Concurrently with the decline of Glanzstoff – the company had experienced difficulties since the 1980s – the city has undergone a major postindustrial transformation partly linked to the re-location of the provincial government from Vienna to St. Pölten in the mid-1990s. This went along with the major investments into the physical, economic and social infrastructure of the city. Thus, a whole new quarter with buildings for the provincial government was created, faster train connections along the main line connecting Vienna to the West of Austria were established, St.Pölten’s main station and the surrounding area redeveloped, and other major investments into the cultural and educational sector made, including the creation of a city campus for the newly created University of Applied Sciences. Longstanding residents of St.Pölten participating in the tour exemplified some of these changes, explaining for example the transformation of the provincial hospital from a poorly equipped and resourced city hospital with many of its departments housed in barracks to a modern centre for state-of-the-art medical treatment, or how the redirection of a road away from the station transformed it to a place to be rather to just pass through, all of which changed the face and the experience of the city.
Spaces for encounter as driver for integration – important role of spatial development
The city walk has provided a direct experience of the changing uses and meaning of places in St. Pölten’s recent history. Tracing this, it also became clear that social change in general and change of social positions at the individual level is closely connected to spatial development. This, furthermore, shows the importance of infrastructural aspects for integration and inclusion.

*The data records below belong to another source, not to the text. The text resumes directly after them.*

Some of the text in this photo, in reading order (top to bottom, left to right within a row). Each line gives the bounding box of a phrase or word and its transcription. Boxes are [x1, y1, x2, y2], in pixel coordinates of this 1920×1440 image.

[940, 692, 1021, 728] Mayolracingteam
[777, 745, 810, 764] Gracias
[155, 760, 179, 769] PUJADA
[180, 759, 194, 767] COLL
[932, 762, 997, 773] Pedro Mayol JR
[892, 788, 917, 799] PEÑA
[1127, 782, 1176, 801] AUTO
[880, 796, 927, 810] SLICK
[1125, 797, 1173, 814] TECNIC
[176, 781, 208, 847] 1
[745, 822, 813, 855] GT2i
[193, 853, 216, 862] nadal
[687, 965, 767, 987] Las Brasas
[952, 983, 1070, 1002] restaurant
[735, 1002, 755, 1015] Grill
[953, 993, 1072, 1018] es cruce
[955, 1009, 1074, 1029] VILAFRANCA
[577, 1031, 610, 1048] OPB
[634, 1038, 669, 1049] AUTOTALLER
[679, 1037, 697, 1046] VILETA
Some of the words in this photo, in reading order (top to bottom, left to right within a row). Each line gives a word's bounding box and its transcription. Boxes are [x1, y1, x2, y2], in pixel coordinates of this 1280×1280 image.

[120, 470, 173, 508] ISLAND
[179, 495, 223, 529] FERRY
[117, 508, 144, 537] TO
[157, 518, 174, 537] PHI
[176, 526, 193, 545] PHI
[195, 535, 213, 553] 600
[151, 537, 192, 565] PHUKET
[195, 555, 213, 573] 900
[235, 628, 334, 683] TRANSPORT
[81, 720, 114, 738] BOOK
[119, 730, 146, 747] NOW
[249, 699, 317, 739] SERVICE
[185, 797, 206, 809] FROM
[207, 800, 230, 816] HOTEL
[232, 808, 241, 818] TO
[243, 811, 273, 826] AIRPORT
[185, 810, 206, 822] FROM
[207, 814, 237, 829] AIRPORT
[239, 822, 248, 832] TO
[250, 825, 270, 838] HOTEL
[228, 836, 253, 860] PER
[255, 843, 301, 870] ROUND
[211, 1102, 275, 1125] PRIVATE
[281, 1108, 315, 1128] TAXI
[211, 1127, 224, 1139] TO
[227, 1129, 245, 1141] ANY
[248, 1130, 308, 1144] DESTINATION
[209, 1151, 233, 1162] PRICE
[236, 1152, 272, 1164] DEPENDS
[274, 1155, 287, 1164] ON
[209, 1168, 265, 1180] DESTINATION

A sense of belonging results mainly from the possibility to establish social relations and contacts. Opportunities, including spaces, for encounter are decisive for social integration, which is perceived as main driver for developing a sense of belonging. Furthermore, it is also decisive to foster establishment of relationships between people (newly-arrived migrants, long-term residents, natives), which needs to be supported by the engagement and commitment of individuals and civil society organizations.